[INPUT Boundary: Start]

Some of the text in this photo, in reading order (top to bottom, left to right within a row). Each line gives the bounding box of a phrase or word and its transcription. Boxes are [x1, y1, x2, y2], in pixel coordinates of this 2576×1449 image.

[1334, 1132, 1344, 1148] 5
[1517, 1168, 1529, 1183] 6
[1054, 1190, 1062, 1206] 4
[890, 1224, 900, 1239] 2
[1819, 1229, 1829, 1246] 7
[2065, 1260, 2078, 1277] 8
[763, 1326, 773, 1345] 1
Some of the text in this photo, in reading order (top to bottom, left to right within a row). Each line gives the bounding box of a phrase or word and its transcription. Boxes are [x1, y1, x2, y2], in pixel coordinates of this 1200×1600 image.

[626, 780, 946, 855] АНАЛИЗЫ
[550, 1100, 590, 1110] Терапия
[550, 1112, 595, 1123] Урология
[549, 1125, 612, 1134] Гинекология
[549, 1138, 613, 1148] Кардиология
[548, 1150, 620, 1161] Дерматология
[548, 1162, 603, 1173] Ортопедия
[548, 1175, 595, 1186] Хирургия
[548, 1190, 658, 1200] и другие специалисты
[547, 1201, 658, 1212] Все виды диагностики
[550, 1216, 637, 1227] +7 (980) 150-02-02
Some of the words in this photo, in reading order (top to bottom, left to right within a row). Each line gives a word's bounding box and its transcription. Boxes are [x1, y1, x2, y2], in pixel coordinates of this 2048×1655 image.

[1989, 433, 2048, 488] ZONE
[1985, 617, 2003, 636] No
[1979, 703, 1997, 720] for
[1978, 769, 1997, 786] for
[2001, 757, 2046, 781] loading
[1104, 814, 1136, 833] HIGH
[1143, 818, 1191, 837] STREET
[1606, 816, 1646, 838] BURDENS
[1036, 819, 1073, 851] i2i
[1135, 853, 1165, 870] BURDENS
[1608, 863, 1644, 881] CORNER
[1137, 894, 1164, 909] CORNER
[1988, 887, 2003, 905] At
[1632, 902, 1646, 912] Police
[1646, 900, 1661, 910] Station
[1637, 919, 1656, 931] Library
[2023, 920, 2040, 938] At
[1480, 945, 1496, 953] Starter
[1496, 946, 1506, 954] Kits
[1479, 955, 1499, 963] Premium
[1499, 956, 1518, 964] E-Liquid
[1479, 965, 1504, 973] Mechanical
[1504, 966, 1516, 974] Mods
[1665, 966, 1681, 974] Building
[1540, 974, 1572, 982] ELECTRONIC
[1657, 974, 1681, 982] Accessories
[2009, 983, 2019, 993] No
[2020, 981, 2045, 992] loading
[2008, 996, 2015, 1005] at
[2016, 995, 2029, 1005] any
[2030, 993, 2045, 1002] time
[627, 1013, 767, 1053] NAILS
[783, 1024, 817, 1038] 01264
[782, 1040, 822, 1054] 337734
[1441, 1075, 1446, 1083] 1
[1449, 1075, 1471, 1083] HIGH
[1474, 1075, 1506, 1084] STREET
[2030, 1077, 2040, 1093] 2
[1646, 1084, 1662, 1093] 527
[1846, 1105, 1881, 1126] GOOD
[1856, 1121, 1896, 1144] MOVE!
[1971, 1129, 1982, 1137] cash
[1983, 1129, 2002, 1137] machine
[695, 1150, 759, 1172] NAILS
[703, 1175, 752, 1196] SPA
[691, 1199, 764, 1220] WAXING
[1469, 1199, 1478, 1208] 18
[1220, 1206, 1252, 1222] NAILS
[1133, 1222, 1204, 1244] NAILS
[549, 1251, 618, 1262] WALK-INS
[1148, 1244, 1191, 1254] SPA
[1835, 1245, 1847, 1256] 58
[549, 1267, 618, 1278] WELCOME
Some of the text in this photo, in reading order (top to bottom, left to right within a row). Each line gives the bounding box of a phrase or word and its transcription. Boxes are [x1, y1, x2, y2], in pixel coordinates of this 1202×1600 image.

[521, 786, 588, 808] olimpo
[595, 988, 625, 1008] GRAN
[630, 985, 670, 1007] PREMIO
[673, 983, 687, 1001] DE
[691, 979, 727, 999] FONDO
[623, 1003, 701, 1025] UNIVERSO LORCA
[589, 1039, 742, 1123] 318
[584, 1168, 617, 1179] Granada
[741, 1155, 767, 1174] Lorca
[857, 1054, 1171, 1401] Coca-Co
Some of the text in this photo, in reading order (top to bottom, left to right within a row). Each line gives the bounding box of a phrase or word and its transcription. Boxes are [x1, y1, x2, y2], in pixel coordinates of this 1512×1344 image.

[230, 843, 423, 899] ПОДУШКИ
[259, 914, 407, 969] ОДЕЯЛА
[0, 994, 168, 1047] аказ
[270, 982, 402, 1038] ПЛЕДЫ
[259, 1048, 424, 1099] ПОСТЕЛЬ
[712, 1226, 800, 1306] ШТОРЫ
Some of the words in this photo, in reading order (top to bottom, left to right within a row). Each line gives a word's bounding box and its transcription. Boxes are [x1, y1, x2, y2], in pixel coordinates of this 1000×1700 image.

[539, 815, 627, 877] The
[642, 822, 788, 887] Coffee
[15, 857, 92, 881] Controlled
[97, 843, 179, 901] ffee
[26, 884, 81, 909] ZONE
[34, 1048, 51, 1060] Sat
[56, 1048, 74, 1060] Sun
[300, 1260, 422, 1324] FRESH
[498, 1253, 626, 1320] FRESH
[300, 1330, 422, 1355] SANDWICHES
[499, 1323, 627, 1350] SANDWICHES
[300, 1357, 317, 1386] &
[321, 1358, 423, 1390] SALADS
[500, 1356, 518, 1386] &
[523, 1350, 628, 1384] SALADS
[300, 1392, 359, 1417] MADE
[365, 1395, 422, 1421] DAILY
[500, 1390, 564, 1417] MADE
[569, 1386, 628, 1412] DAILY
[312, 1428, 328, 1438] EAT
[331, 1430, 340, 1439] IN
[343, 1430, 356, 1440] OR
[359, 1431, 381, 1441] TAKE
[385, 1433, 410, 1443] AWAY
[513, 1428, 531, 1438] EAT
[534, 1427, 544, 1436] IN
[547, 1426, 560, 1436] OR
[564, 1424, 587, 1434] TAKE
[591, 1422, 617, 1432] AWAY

[INPUT Boundary: End]

> INSTRUCTIONS TO FOLLOW:
Transcription of the entire listing, word for word, is required.

> EXERCISE RESPONSE:
Some of the text in this photo, in reading order (top to bottom, left to right within a row). Each line gives the bounding box of a phrase or word and its transcription. Boxes are [x1, y1, x2, y2], in pixel coordinates of this 2576×1449 image.

[1334, 1132, 1344, 1148] 5
[1517, 1168, 1529, 1183] 6
[1054, 1190, 1062, 1206] 4
[890, 1224, 900, 1239] 2
[1819, 1229, 1829, 1246] 7
[2065, 1260, 2078, 1277] 8
[763, 1326, 773, 1345] 1
Some of the text in this photo, in reading order (top to bottom, left to right within a row). Each line gives the bounding box of a phrase or word and its transcription. Boxes are [x1, y1, x2, y2], in pixel coordinates of this 1200×1600 image.

[626, 780, 946, 855] АНАЛИЗЫ
[550, 1100, 590, 1110] Терапия
[550, 1112, 595, 1123] Урология
[549, 1125, 612, 1134] Гинекология
[549, 1138, 613, 1148] Кардиология
[548, 1150, 620, 1161] Дерматология
[548, 1162, 603, 1173] Ортопедия
[548, 1175, 595, 1186] Хирургия
[548, 1190, 658, 1200] и другие специалисты
[547, 1201, 658, 1212] Все виды диагностики
[550, 1216, 637, 1227] +7 (980) 150-02-02
Some of the words in this photo, in reading order (top to bottom, left to right within a row). Each line gives a word's bounding box and its transcription. Boxes are [x1, y1, x2, y2], in pixel coordinates of this 2048×1655 image.

[1989, 433, 2048, 488] ZONE
[1985, 617, 2003, 636] No
[1979, 703, 1997, 720] for
[1978, 769, 1997, 786] for
[2001, 757, 2046, 781] loading
[1104, 814, 1136, 833] HIGH
[1143, 818, 1191, 837] STREET
[1606, 816, 1646, 838] BURDENS
[1036, 819, 1073, 851] i2i
[1135, 853, 1165, 870] BURDENS
[1608, 863, 1644, 881] CORNER
[1137, 894, 1164, 909] CORNER
[1988, 887, 2003, 905] At
[1632, 902, 1646, 912] Police
[1646, 900, 1661, 910] Station
[1637, 919, 1656, 931] Library
[2023, 920, 2040, 938] At
[1480, 945, 1496, 953] Starter
[1496, 946, 1506, 954] Kits
[1479, 955, 1499, 963] Premium
[1499, 956, 1518, 964] E-Liquid
[1479, 965, 1504, 973] Mechanical
[1504, 966, 1516, 974] Mods
[1665, 966, 1681, 974] Building
[1540, 974, 1572, 982] ELECTRONIC
[1657, 974, 1681, 982] Accessories
[2009, 983, 2019, 993] No
[2020, 981, 2045, 992] loading
[2008, 996, 2015, 1005] at
[2016, 995, 2029, 1005] any
[2030, 993, 2045, 1002] time
[627, 1013, 767, 1053] NAILS
[783, 1024, 817, 1038] 01264
[782, 1040, 822, 1054] 337734
[1441, 1075, 1446, 1083] 1
[1449, 1075, 1471, 1083] HIGH
[1474, 1075, 1506, 1084] STREET
[2030, 1077, 2040, 1093] 2
[1646, 1084, 1662, 1093] 527
[1846, 1105, 1881, 1126] GOOD
[1856, 1121, 1896, 1144] MOVE!
[1971, 1129, 1982, 1137] cash
[1983, 1129, 2002, 1137] machine
[695, 1150, 759, 1172] NAILS
[703, 1175, 752, 1196] SPA
[691, 1199, 764, 1220] WAXING
[1469, 1199, 1478, 1208] 18
[1220, 1206, 1252, 1222] NAILS
[1133, 1222, 1204, 1244] NAILS
[549, 1251, 618, 1262] WALK-INS
[1148, 1244, 1191, 1254] SPA
[1835, 1245, 1847, 1256] 58
[549, 1267, 618, 1278] WELCOME
Some of the text in this photo, in reading order (top to bottom, left to right within a row). Each line gives the bounding box of a phrase or word and its transcription. Boxes are [x1, y1, x2, y2], in pixel coordinates of this 1202×1600 image.

[521, 786, 588, 808] olimpo
[595, 988, 625, 1008] GRAN
[630, 985, 670, 1007] PREMIO
[673, 983, 687, 1001] DE
[691, 979, 727, 999] FONDO
[623, 1003, 701, 1025] UNIVERSO LORCA
[589, 1039, 742, 1123] 318
[584, 1168, 617, 1179] Granada
[741, 1155, 767, 1174] Lorca
[857, 1054, 1171, 1401] Coca-Co
Some of the text in this photo, in reading order (top to bottom, left to right within a row). Each line gives the bounding box of a phrase or word and its transcription. Boxes are [x1, y1, x2, y2], in pixel coordinates of this 1512×1344 image.

[230, 843, 423, 899] ПОДУШКИ
[259, 914, 407, 969] ОДЕЯЛА
[0, 994, 168, 1047] аказ
[270, 982, 402, 1038] ПЛЕДЫ
[259, 1048, 424, 1099] ПОСТЕЛЬ
[712, 1226, 800, 1306] ШТОРЫ
Some of the words in this photo, in reading order (top to bottom, left to right within a row). Each line gives a word's bounding box and its transcription. Boxes are [x1, y1, x2, y2], in pixel coordinates of this 1000×1700 image.

[539, 815, 627, 877] The
[642, 822, 788, 887] Coffee
[15, 857, 92, 881] Controlled
[97, 843, 179, 901] ffee
[26, 884, 81, 909] ZONE
[34, 1048, 51, 1060] Sat
[56, 1048, 74, 1060] Sun
[300, 1260, 422, 1324] FRESH
[498, 1253, 626, 1320] FRESH
[300, 1330, 422, 1355] SANDWICHES
[499, 1323, 627, 1350] SANDWICHES
[300, 1357, 317, 1386] &
[321, 1358, 423, 1390] SALADS
[500, 1356, 518, 1386] &
[523, 1350, 628, 1384] SALADS
[300, 1392, 359, 1417] MADE
[365, 1395, 422, 1421] DAILY
[500, 1390, 564, 1417] MADE
[569, 1386, 628, 1412] DAILY
[312, 1428, 328, 1438] EAT
[331, 1430, 340, 1439] IN
[343, 1430, 356, 1440] OR
[359, 1431, 381, 1441] TAKE
[385, 1433, 410, 1443] AWAY
[513, 1428, 531, 1438] EAT
[534, 1427, 544, 1436] IN
[547, 1426, 560, 1436] OR
[564, 1424, 587, 1434] TAKE
[591, 1422, 617, 1432] AWAY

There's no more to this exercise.